Reviews

Review – The Wildcard Chronicles

Brutal Street Racing and The Jokers Wild!

For many the term intellectual and comic book would be an oxymoron, The Wildcard Chronicles from Burning Spear Comix challenges that perception by beginning an interesting narrative which revolves around biker gangs with some vibrant mythological motifs and quotes by Goethe.  The narrative begins with a violent revolutionary act, a building explodes with the art showing all the intensity of the heat and liquid fire erupting through the concrete as in the backdrop impassive metal Pyramids glimmer in the night sky, in the panel below a stirring quotation from an as yet unknown figure points toward a struggle for mankind’s freedom and the opening panel becomes thick with the feeling of heady destiny.

So begins our journey into the world of The Joker’s Wild bike club, the writer John McAdams, it displays a passion not just for the heroes of the racing circuit, but also for a sense of purpose, a sense of pride and honour which seems to have been lost with the postmodern craze of the Anti-Hero.

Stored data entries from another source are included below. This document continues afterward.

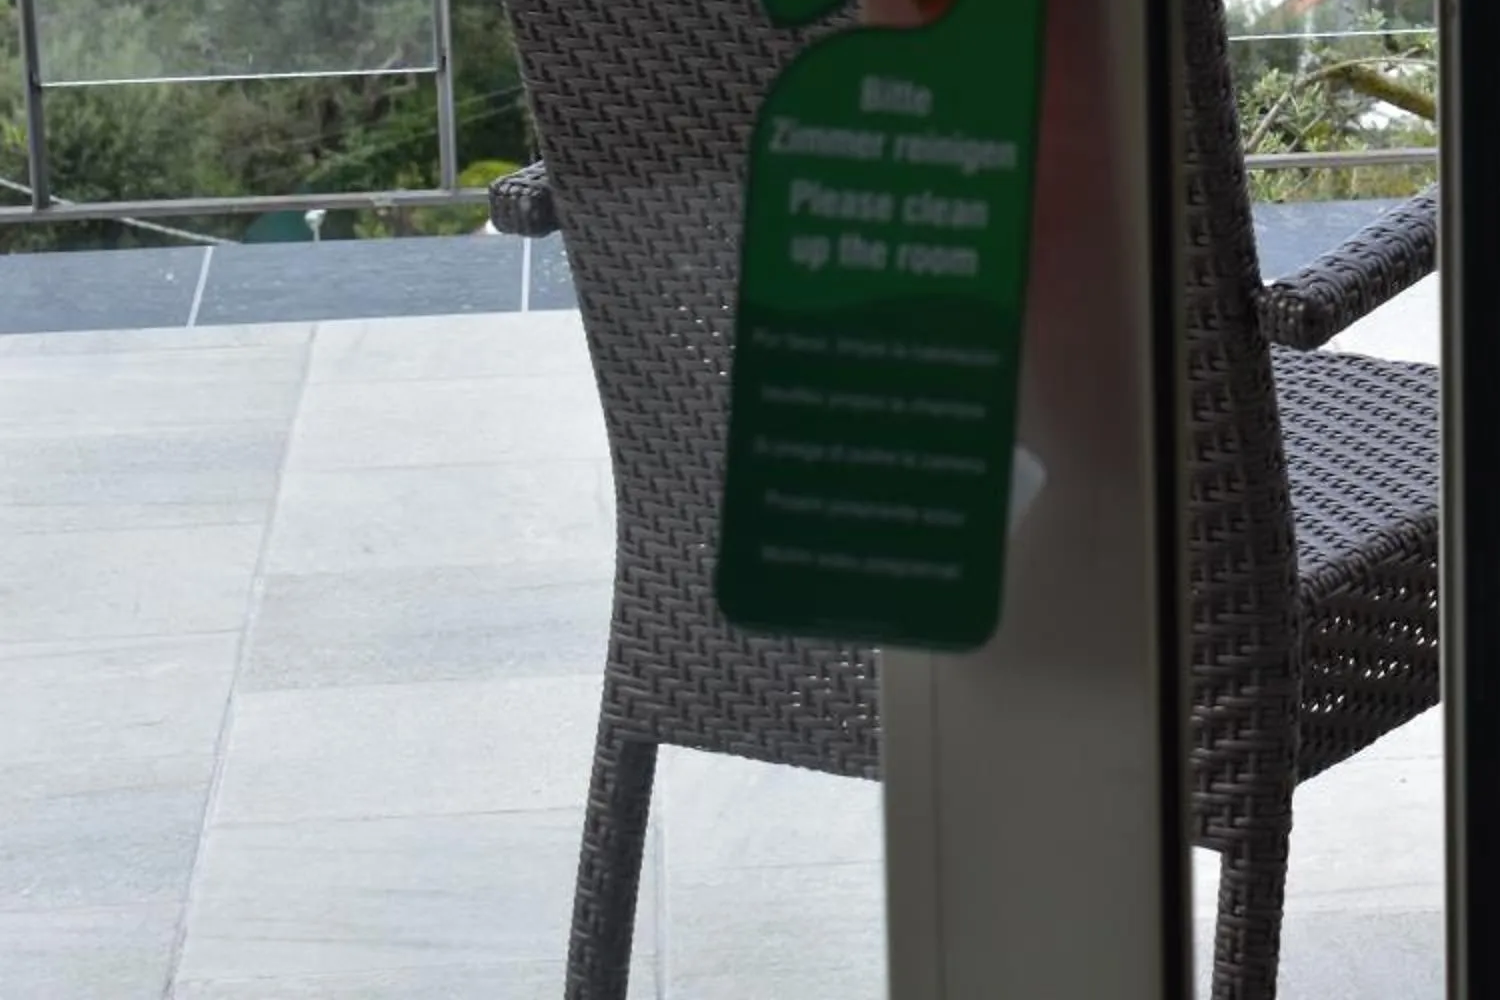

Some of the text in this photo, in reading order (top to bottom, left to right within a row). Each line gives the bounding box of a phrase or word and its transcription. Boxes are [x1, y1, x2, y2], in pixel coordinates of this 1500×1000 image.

[861, 75, 933, 116] Bitte
[770, 118, 1016, 175] Zimmer reinigen
[790, 180, 988, 228] Please clean
[790, 233, 978, 275] up the room
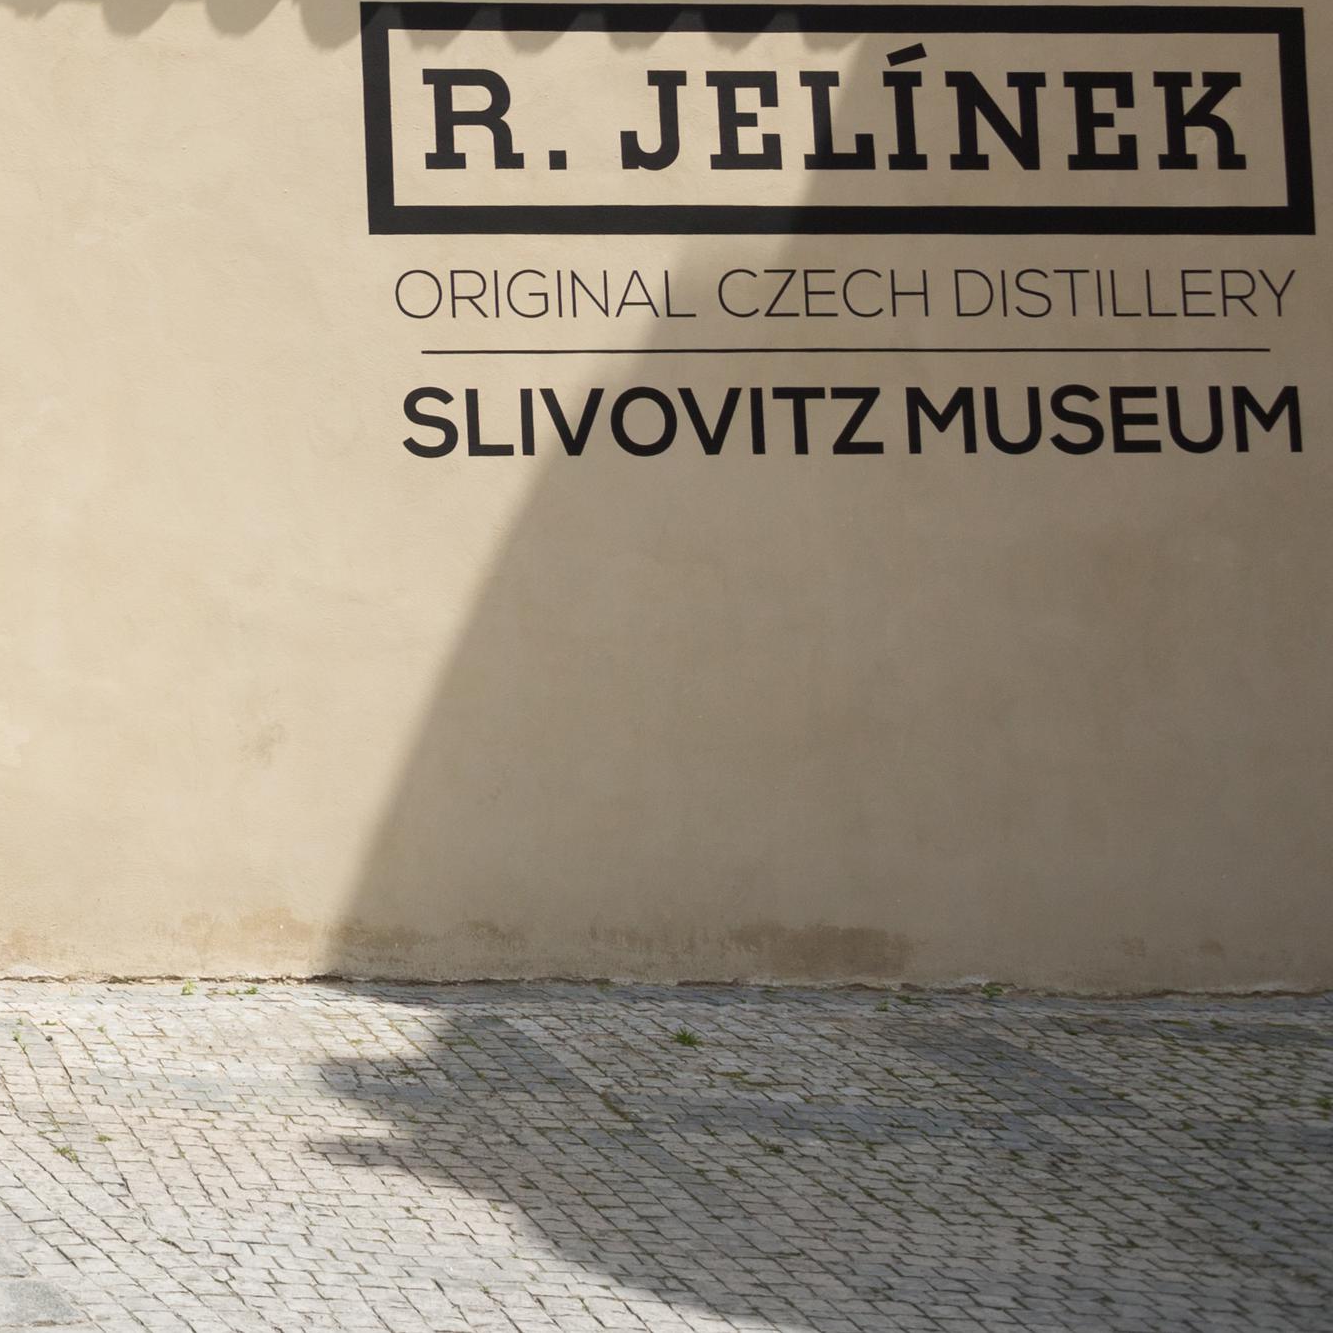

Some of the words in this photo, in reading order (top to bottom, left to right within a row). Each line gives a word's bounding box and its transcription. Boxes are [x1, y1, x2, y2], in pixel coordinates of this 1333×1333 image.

[423, 68, 569, 172] R.
[619, 41, 1247, 172] JELÍNEK
[394, 269, 698, 321] ORIGINAL
[717, 269, 931, 319] CZECH
[954, 269, 1297, 319] DISTILLERY
[402, 385, 886, 459] SLIVOVITZ
[906, 384, 1304, 456] MUSEUM

These are characters who have strong ties to ancestral history and to the ties of loyalty that membership within each gang.  The Wildcard Chronicles attempts to bring forward dynamic characters, who are in turns brash, loud and memorable.  

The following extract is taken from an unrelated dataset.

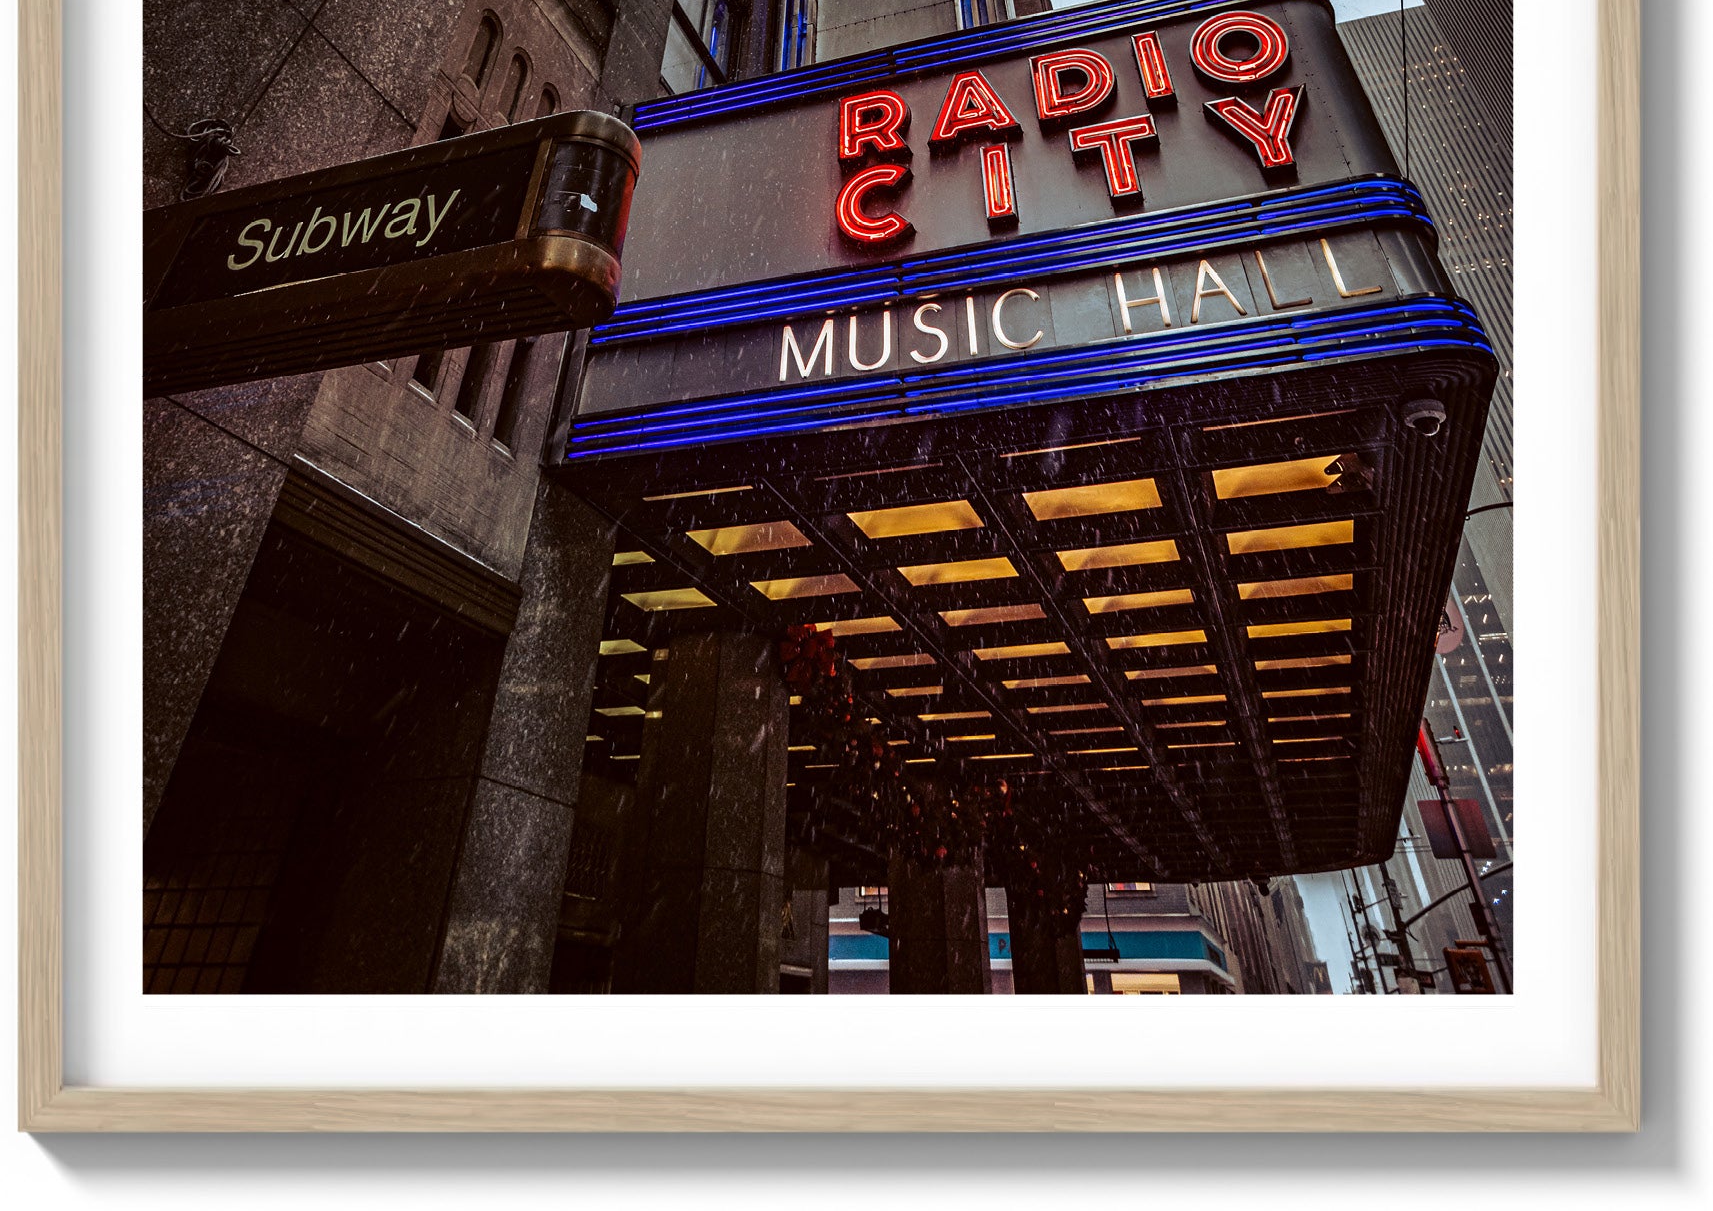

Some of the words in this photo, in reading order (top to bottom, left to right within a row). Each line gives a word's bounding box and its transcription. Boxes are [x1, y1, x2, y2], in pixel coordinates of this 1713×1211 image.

The Wildcard Chronicles cover by Barry McClain Jr
The Wildcard Chronicles cover by Barry McClain Jr

The art style pops out with bold and vibrant colours which instantly attract the readers attention, there’s something iconic and familiar with the design of the characters, reminiscent of Egyptian Priests with modernised clothing designs , characters hold staff weapons which are designed like the staffs of office held by Egyptian court officials, it’s a nod to the historical with advanced technological purpose. This contrasts with the Joker’s Wild Biker gang who are designed like the traditional ‘knights of the dusty road’ – reminiscent of a cross between Sons of Anarchy and Akira, the bike designs are unusual and give a sense of the character riding them, each choice in customisation showing a glimpse of the personality of each of the individuals being introduced here.

It’s also something of importance to note the strong female characterization here, they are not used as mere eye candy or have been relegated in the narrative as secondary characters used to enforce the male leads.  There’s an incredible sense of self-identification coming through with each character in this issue as well, I would postulate that the writers have put a lot of their own character and energy into developing each role in the comic.  The reinforces the authenticity of each character and brings a new dynamic to the action comic genre – we don’t merely see shootouts but it is possible to feel empathy with the owner of the finger pulling the trigger.

It’s also not afraid to pull any punches, Burning Spear understands the cinematic value of “Less is more”, an implied action projects a stronger image in the viewer/readers mind.  In one scene we have an execution scene, a pistol is placed to the head of a pleading informant and the panel focuses on the shiny barrel of the gun, it fills the scene with its sleek design, but we, the readers, we aren’t concentrating on that.  In our minds, we see the future victim of the merciless bullet ready to leave the chamber – we see him sweating and pleading and then potentially resigning to his fate.  In classic action movie style as the bullet enters his cranium, the figure holding the pistol utters a quip.

Within the first few pages we are introduced to the high stakes of the street, it’s a fairly wordy comic, there are few panels without speech bubbles or thought bubbles appearing, we do get a sense of the writer trying to pack as much exposition into this introduction as possible, and it works quite well.  The exposition is broken up by frequent action sequences, one of my favorites was a kidnapping which began when an assassination attempt from a rooftop goes awry and the sniper grapples across the panel to the street and lands on their waiting bike, ready to chase down the target.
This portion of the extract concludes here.